As shares in Netflix Inc. climbed to a record high on Wednesday after the company reported its best-ever quarterly subscriber gain, one expert says he isn’t convinced the streaming giant can live up to its lofty valuation in the coming years.
“When we look at the company, we think things couldn’t be going much better,” Matthew Dolgin, senior equity analyst at Morningstar, told BNN Bloomberg in a Wednesday interview.
“This past quarter, the subscriber additions were really phenomenal, it was a record quarter, and the year was a record. Our concern is that things can’t get much better.”

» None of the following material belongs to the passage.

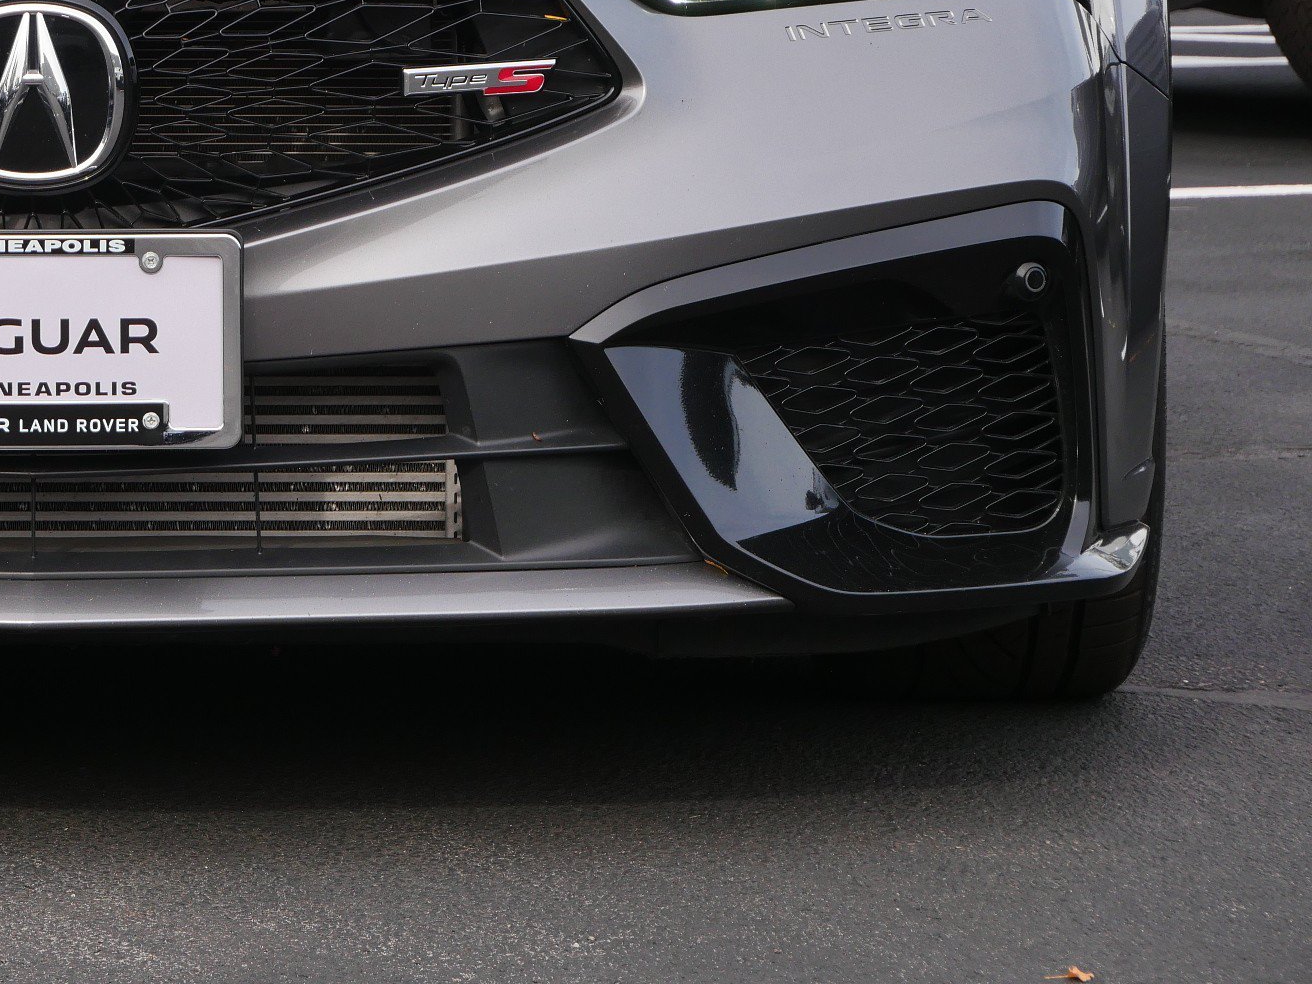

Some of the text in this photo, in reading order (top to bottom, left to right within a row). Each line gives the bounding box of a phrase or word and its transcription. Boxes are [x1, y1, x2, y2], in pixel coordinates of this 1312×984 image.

[784, 8, 993, 42] INTEGRA
[414, 62, 555, 96] Type S
[19, 417, 72, 433] LAND
[76, 417, 140, 433] ROVER

Netflix said on Tuesday it added 18.9 million new customers in its fourth fiscal quarter, more than double what Wall Street was expecting, bringing its total global subscriber base to more than 300 million.
Shares in the company were up by more than 10 per cent in midday trading in New York on Wednesday, hovering below US$970 per share.
Dolgin acknowledged that he underestimated how long Netflix’s current stock rally, which kicked off in 2022, would persist, but said he remains cautious on the company’s outlook going forward.
“When you look at the penetration in the U.S., which is the highest priced market and where the company gets most of its revenue, as well as the valuation and the fact that we think things need to decelerate from here, we just can’t get our hands around the valuation,” he said.
“From the business operations point of view and it being leaps and bounds ahead of competitors, there’s nothing not to like, but as far as the price you’re paying on the stock, it gives us concern.”
Tuesday’s earnings release from Netflix marks the last time the company will report quarterly subscriber figures, as management tries to avoid the major stock price swings typically associated with the number and get investors to look at other metrics like sales and profit.
The company said it saw revenue growth of 16 per cent to US$10.2 billion for the quarter, its biggest quarterly gain since 2021, Bloomberg News reported Wednesday. Netflix also said it expects faster-than-predicted sales growth this year.
Dolgin said that while he and his team at Morningstar also expect Netflix to continue reporting strong results throughout 2025, he believes “things have to decelerate” in the years ahead, when their current success is “going to be tough to replicate.”
“When you see growth coming down and when you start having fewer areas where you can get higher margins – this is a company that needs to continue investing in content every year, so there is some limit to how much is going to drop to that bottom line,” he explained.
“And when we look at all of that over the course of the next few years rather than just 2025, that’s where we have a tough time seeing this as a $1,000 stock.”